TASK BRIEF -> The answer must be the full data, restated word for word, with no pictures in it.

PROVIDED DATA ->
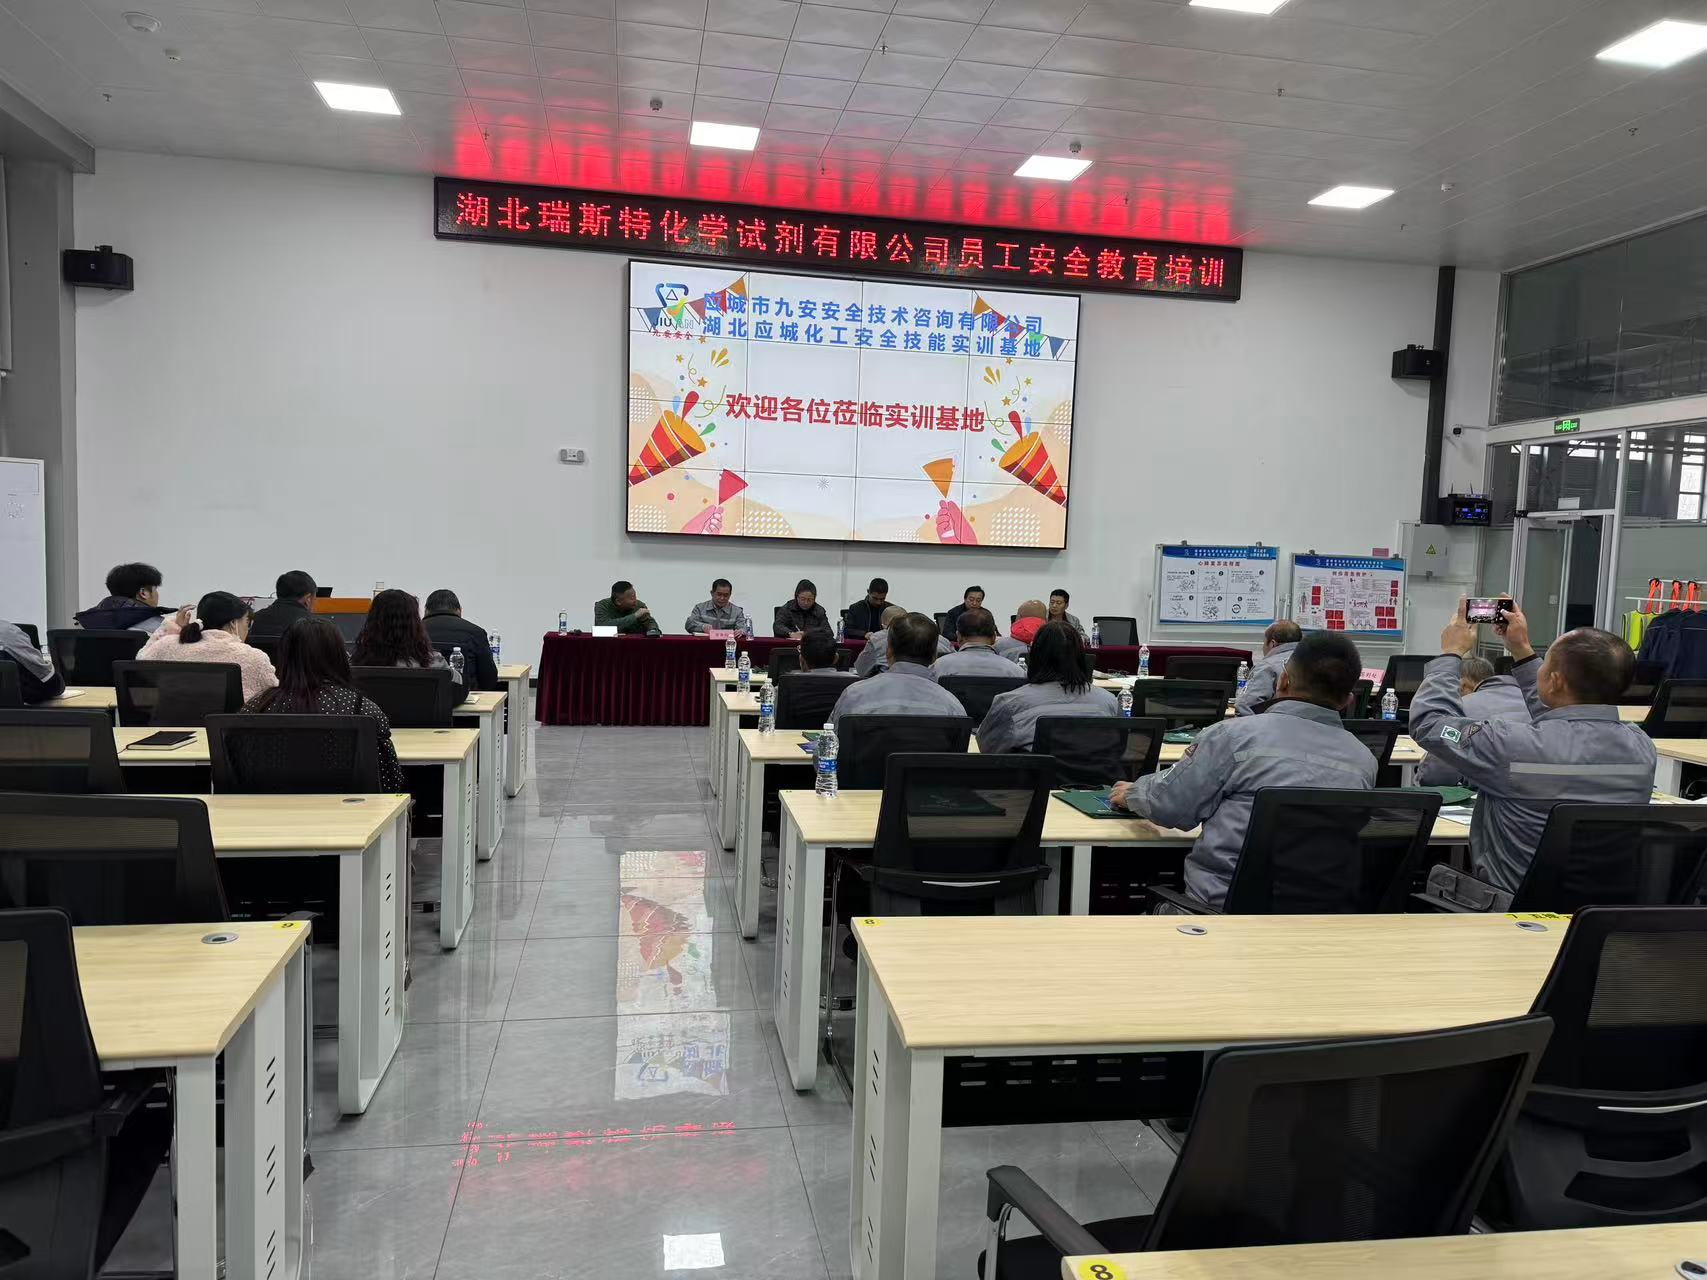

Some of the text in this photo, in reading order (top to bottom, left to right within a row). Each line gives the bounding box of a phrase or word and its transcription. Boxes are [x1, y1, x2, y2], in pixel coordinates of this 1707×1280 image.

[455, 191, 1225, 288] 湖北瑞斯特化学试剂有限公司员工安全教育培训
[703, 291, 1042, 335] 应城市九安安全技术咨询有限公司
[702, 315, 1041, 358] 湖北应城化工安全技能实训基地
[725, 392, 986, 433] 欢迎各位莅临实训基地
[1090, 1264, 1114, 1280] 8
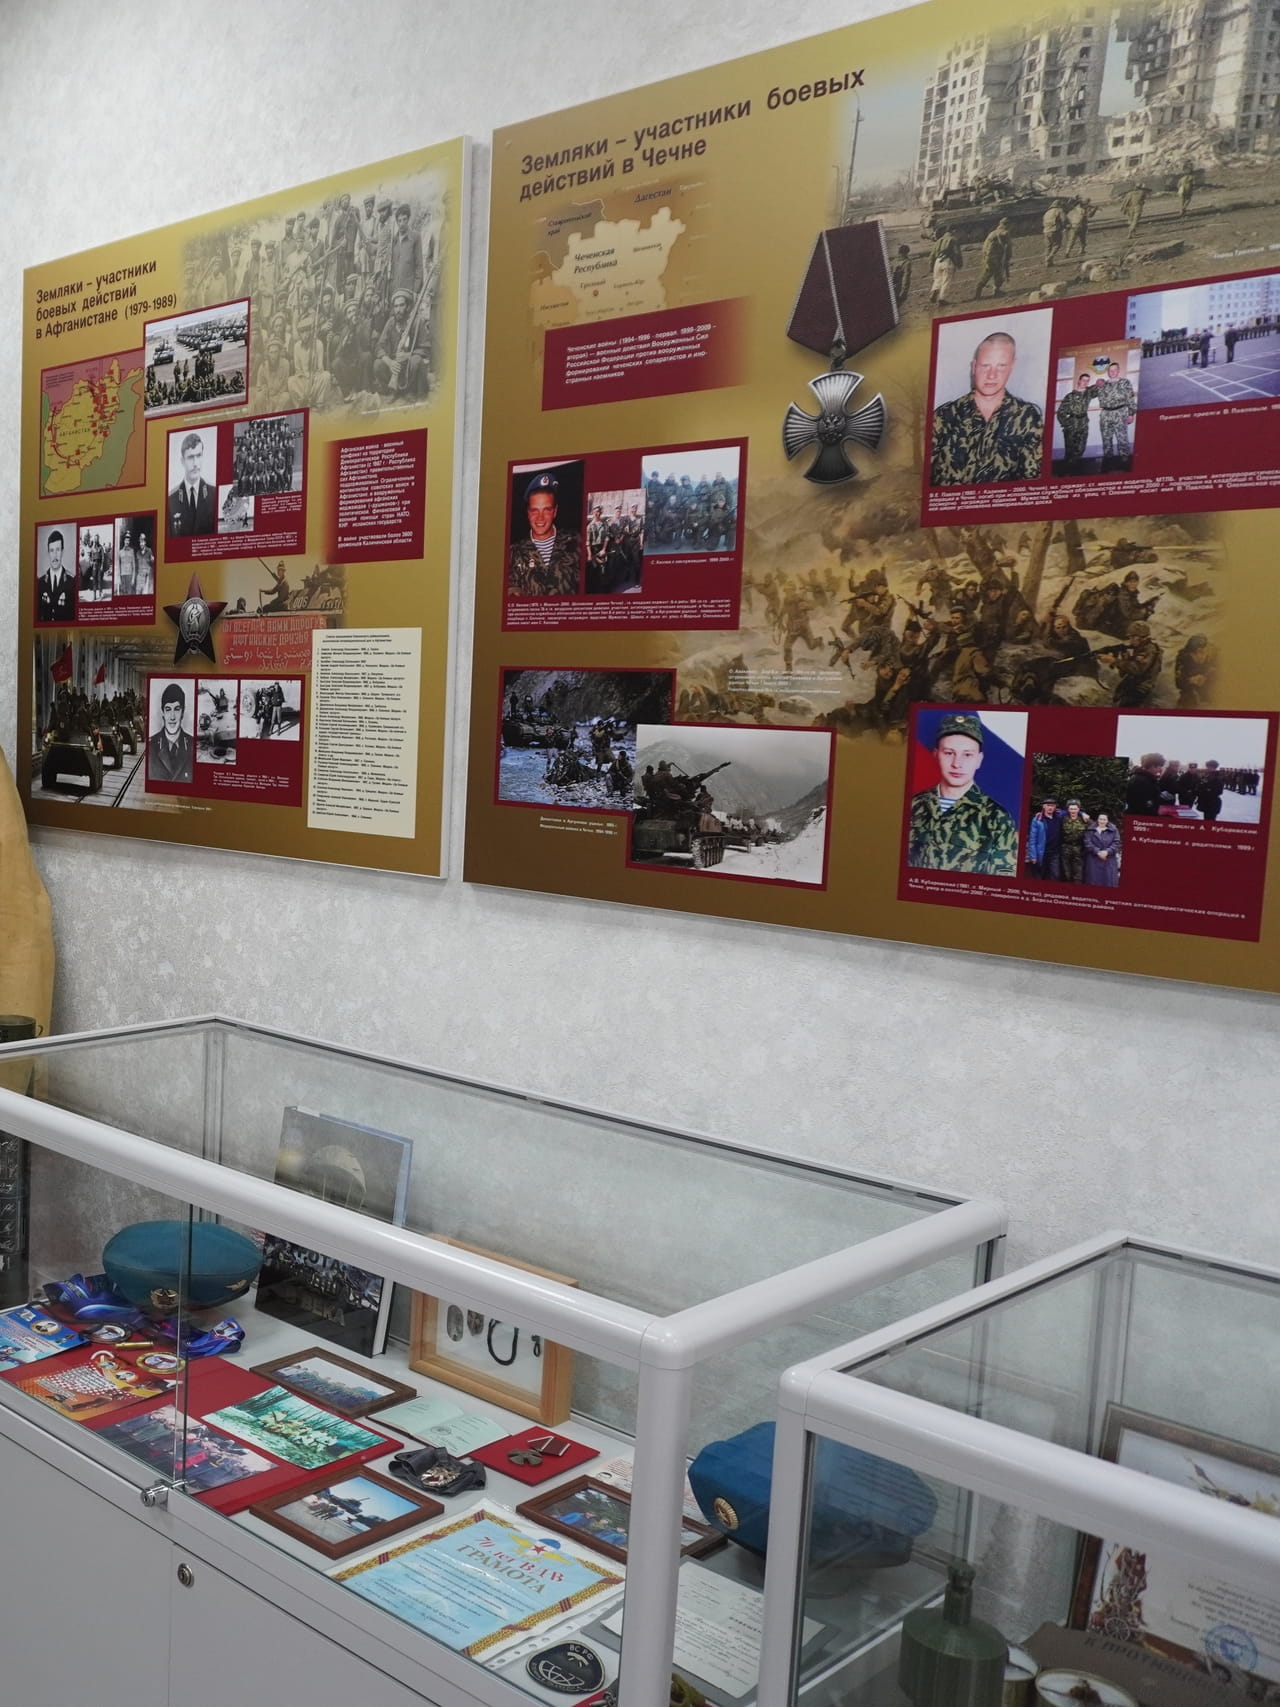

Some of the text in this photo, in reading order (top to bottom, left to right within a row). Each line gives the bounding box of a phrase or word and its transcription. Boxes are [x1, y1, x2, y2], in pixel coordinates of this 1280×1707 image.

[521, 137, 608, 175] Земляки
[634, 99, 751, 151] участники
[767, 69, 865, 111] боевых
[520, 137, 707, 202] действий в Чечне
[573, 259, 618, 274] Республика
[574, 248, 615, 261] Чеченская
[36, 281, 83, 304] Земляки
[96, 260, 157, 291] участники
[36, 283, 137, 321] боевых действий
[36, 293, 177, 339] в Афганистане (1979-1989)
[457, 1543, 546, 1593] ГРАМОТА
[569, 1644, 581, 1653] ВС
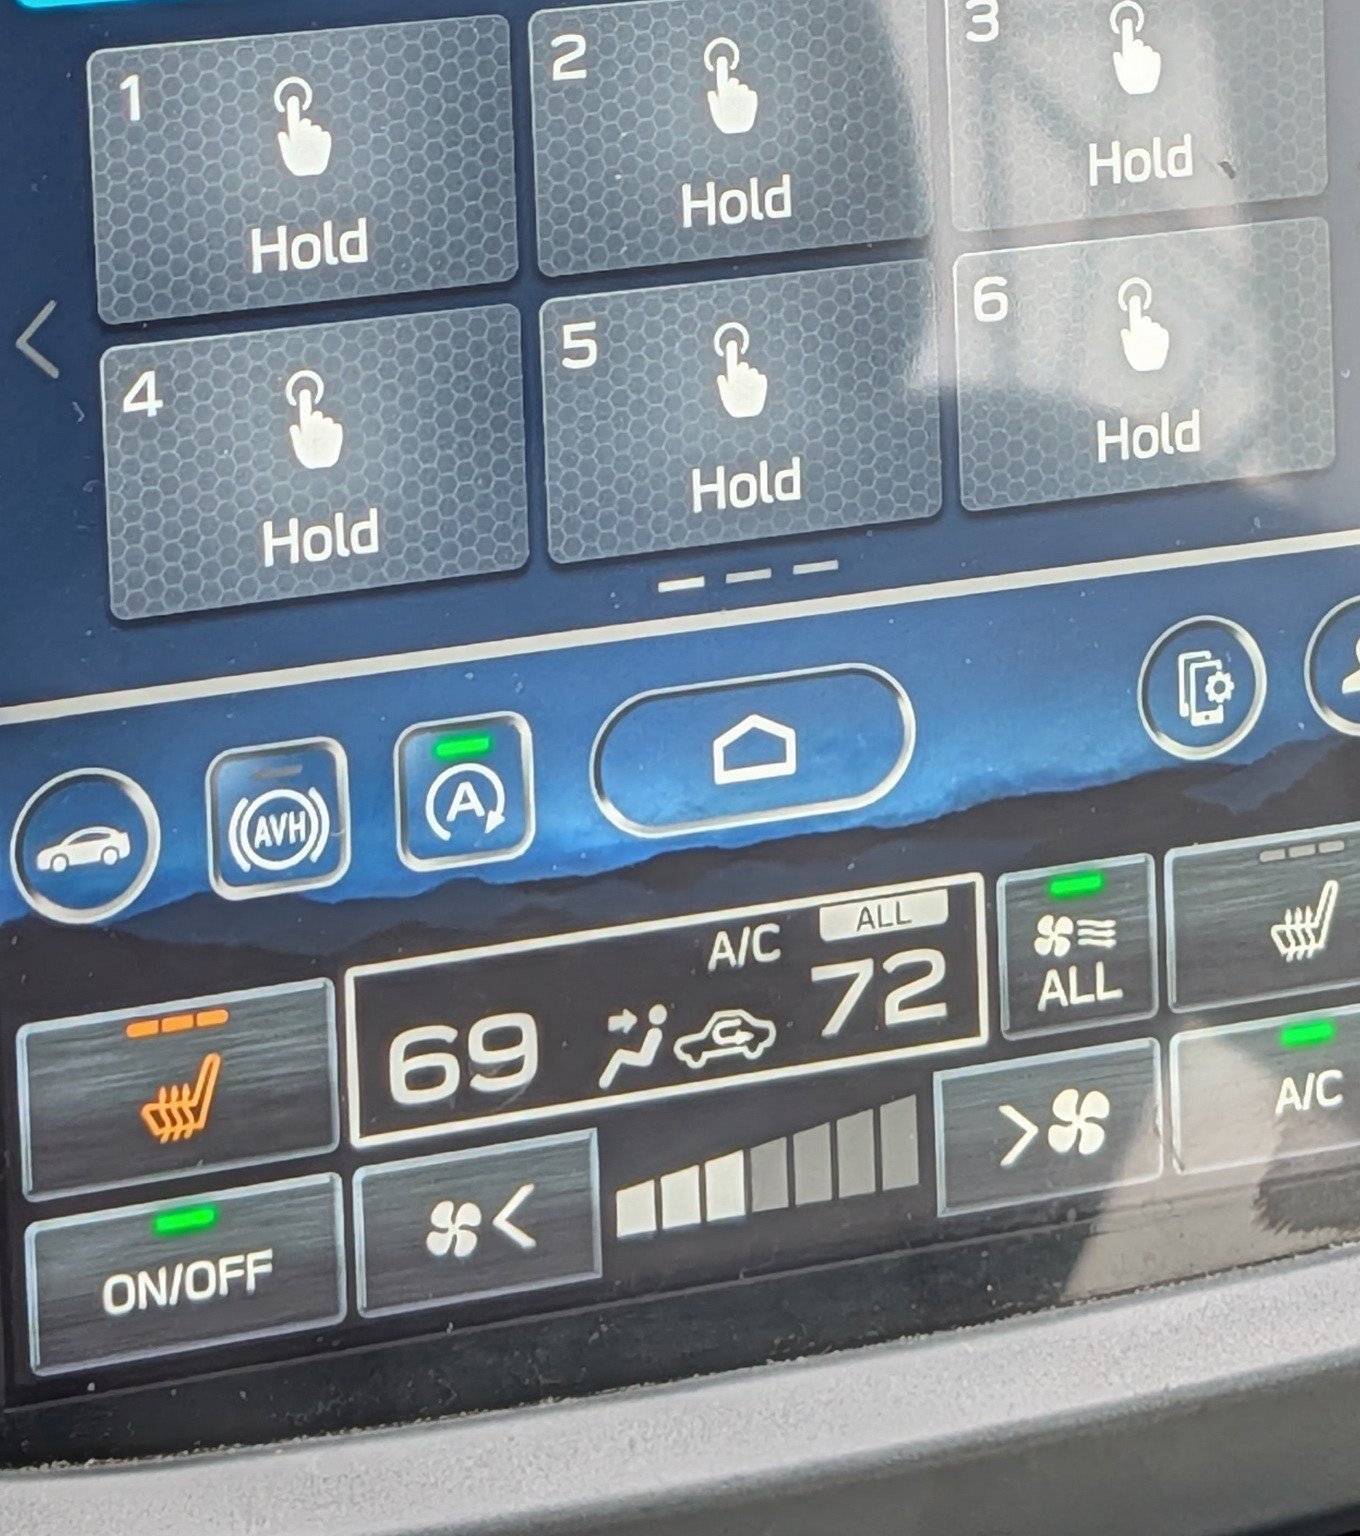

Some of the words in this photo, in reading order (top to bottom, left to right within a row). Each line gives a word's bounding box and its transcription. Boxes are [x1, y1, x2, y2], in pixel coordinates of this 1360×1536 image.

[550, 31, 588, 83] 2
[118, 73, 142, 124] 1
[1087, 132, 1195, 188] Hold
[680, 173, 794, 230] Hold
[250, 216, 370, 275] Hold
[972, 275, 1009, 324] 6
[560, 320, 599, 371] 5
[121, 368, 164, 419] 4
[1095, 408, 1202, 465] Hold
[690, 455, 803, 514] Hold
[261, 506, 381, 569] Hold
[445, 783, 488, 824] A
[252, 809, 307, 851] AVH
[854, 899, 914, 933] ALL
[706, 922, 783, 975] A/C
[809, 947, 950, 1040] 72
[1036, 962, 1125, 1013] ALL
[387, 1011, 540, 1107] 69
[1273, 1068, 1345, 1117] A/C
[100, 1248, 276, 1318] ON/OFF
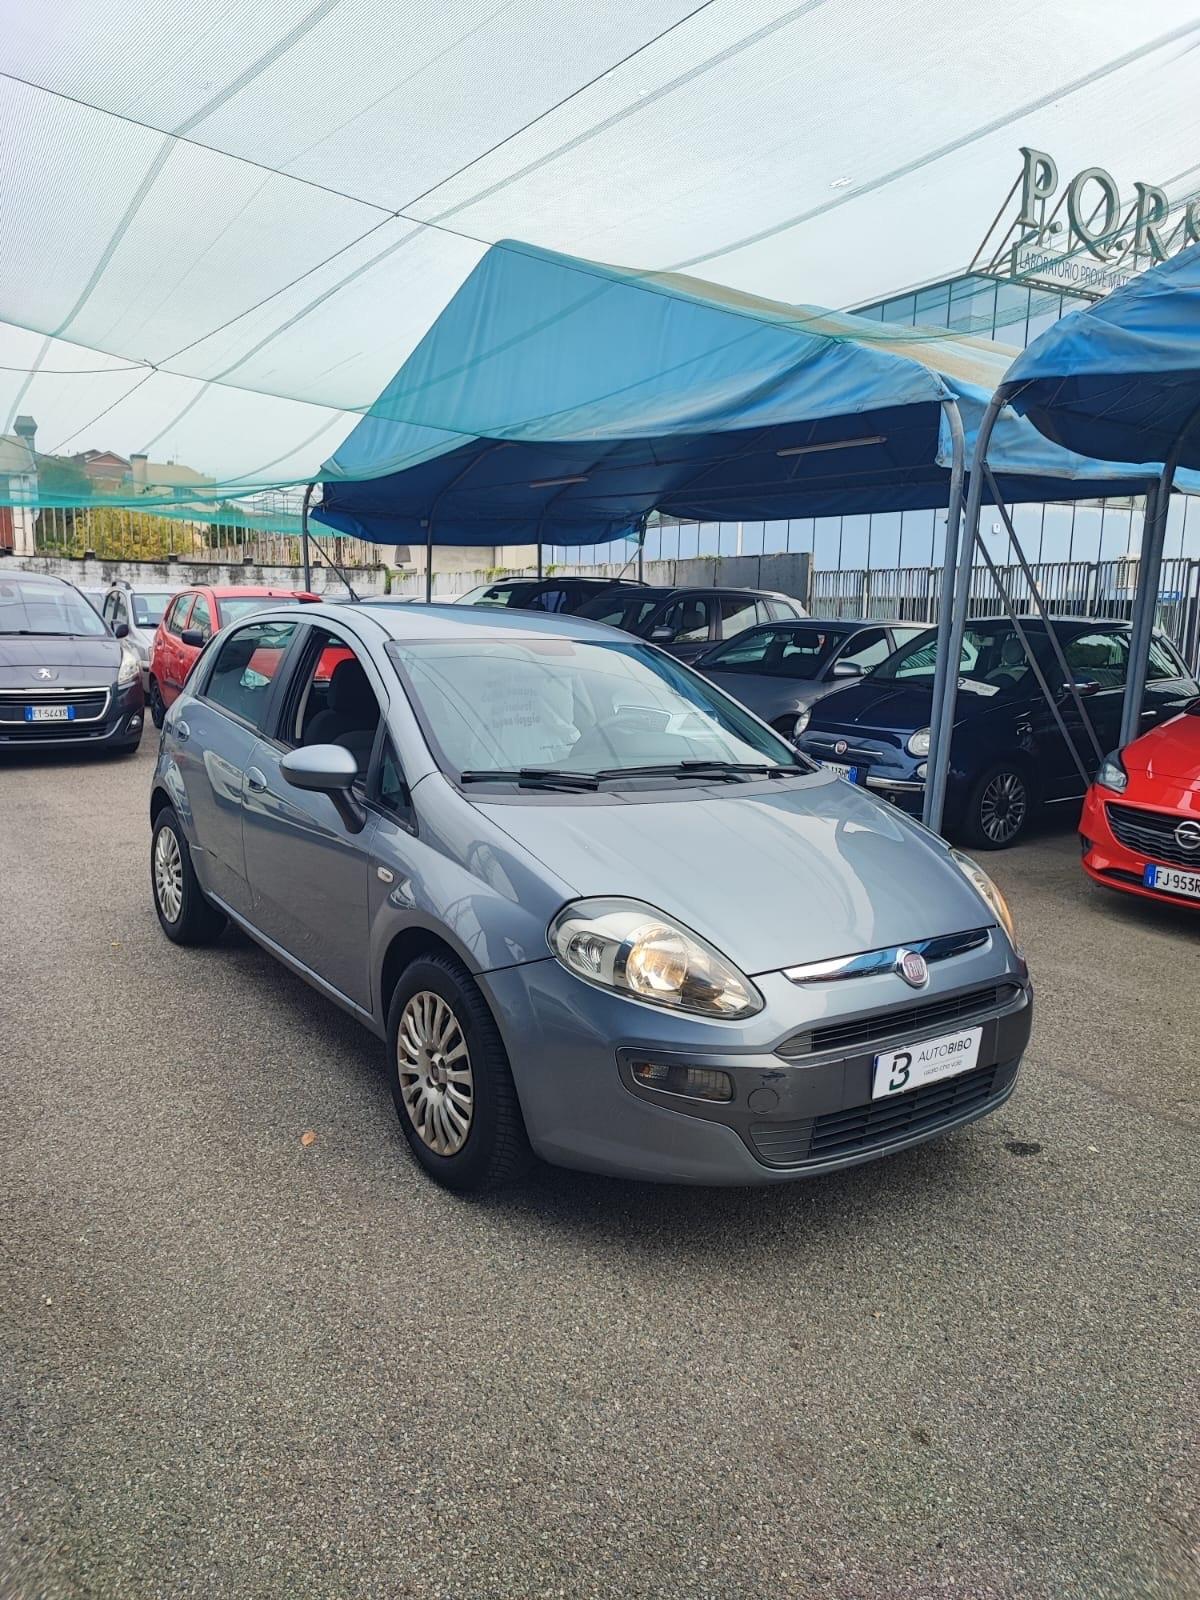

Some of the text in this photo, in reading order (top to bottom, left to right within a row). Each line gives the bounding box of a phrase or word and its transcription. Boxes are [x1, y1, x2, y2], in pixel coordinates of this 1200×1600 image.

[1019, 252, 1079, 281] LABORATORIO
[1080, 267, 1107, 288] PROVE
[917, 1037, 972, 1063] AUTOBIBO

REPLY ->
Some of the text in this photo, in reading order (top to bottom, left to right within a row). Each line gives the bounding box of a phrase or word and its transcription. Boxes are [x1, y1, x2, y2], in pixel coordinates of this 1707×1280 image.

[455, 191, 1225, 288] 湖北瑞斯特化学试剂有限公司员工安全教育培训
[703, 291, 1042, 335] 应城市九安安全技术咨询有限公司
[702, 315, 1041, 358] 湖北应城化工安全技能实训基地
[725, 392, 986, 433] 欢迎各位莅临实训基地
[1090, 1264, 1114, 1280] 8

Some of the text in this photo, in reading order (top to bottom, left to right within a row). Each line gives the bounding box of a phrase or word and its transcription. Boxes are [x1, y1, x2, y2], in pixel coordinates of this 1280×1707 image.

[521, 137, 608, 175] Земляки
[634, 99, 751, 151] участники
[767, 69, 865, 111] боевых
[520, 137, 707, 202] действий в Чечне
[573, 259, 618, 274] Республика
[574, 248, 615, 261] Чеченская
[36, 281, 83, 304] Земляки
[96, 260, 157, 291] участники
[36, 283, 137, 321] боевых действий
[36, 293, 177, 339] в Афганистане (1979-1989)
[457, 1543, 546, 1593] ГРАМОТА
[569, 1644, 581, 1653] ВС

Some of the words in this photo, in reading order (top to bottom, left to right within a row). Each line gives a word's bounding box and its transcription. Boxes are [x1, y1, x2, y2], in pixel coordinates of this 1360×1536 image.

[550, 31, 588, 83] 2
[118, 73, 142, 124] 1
[1087, 132, 1195, 188] Hold
[680, 173, 794, 230] Hold
[250, 216, 370, 275] Hold
[972, 275, 1009, 324] 6
[560, 320, 599, 371] 5
[121, 368, 164, 419] 4
[1095, 408, 1202, 465] Hold
[690, 455, 803, 514] Hold
[261, 506, 381, 569] Hold
[445, 783, 488, 824] A
[252, 809, 307, 851] AVH
[854, 899, 914, 933] ALL
[706, 922, 783, 975] A/C
[809, 947, 950, 1040] 72
[1036, 962, 1125, 1013] ALL
[387, 1011, 540, 1107] 69
[1273, 1068, 1345, 1117] A/C
[100, 1248, 276, 1318] ON/OFF

Some of the text in this photo, in reading order (top to bottom, left to right within a row). Each line gives the bounding box of a phrase or word and its transcription. Boxes are [x1, y1, x2, y2], in pixel coordinates of this 1200×1600 image.

[1019, 252, 1079, 281] LABORATORIO
[1080, 267, 1107, 288] PROVE
[917, 1037, 972, 1063] AUTOBIBO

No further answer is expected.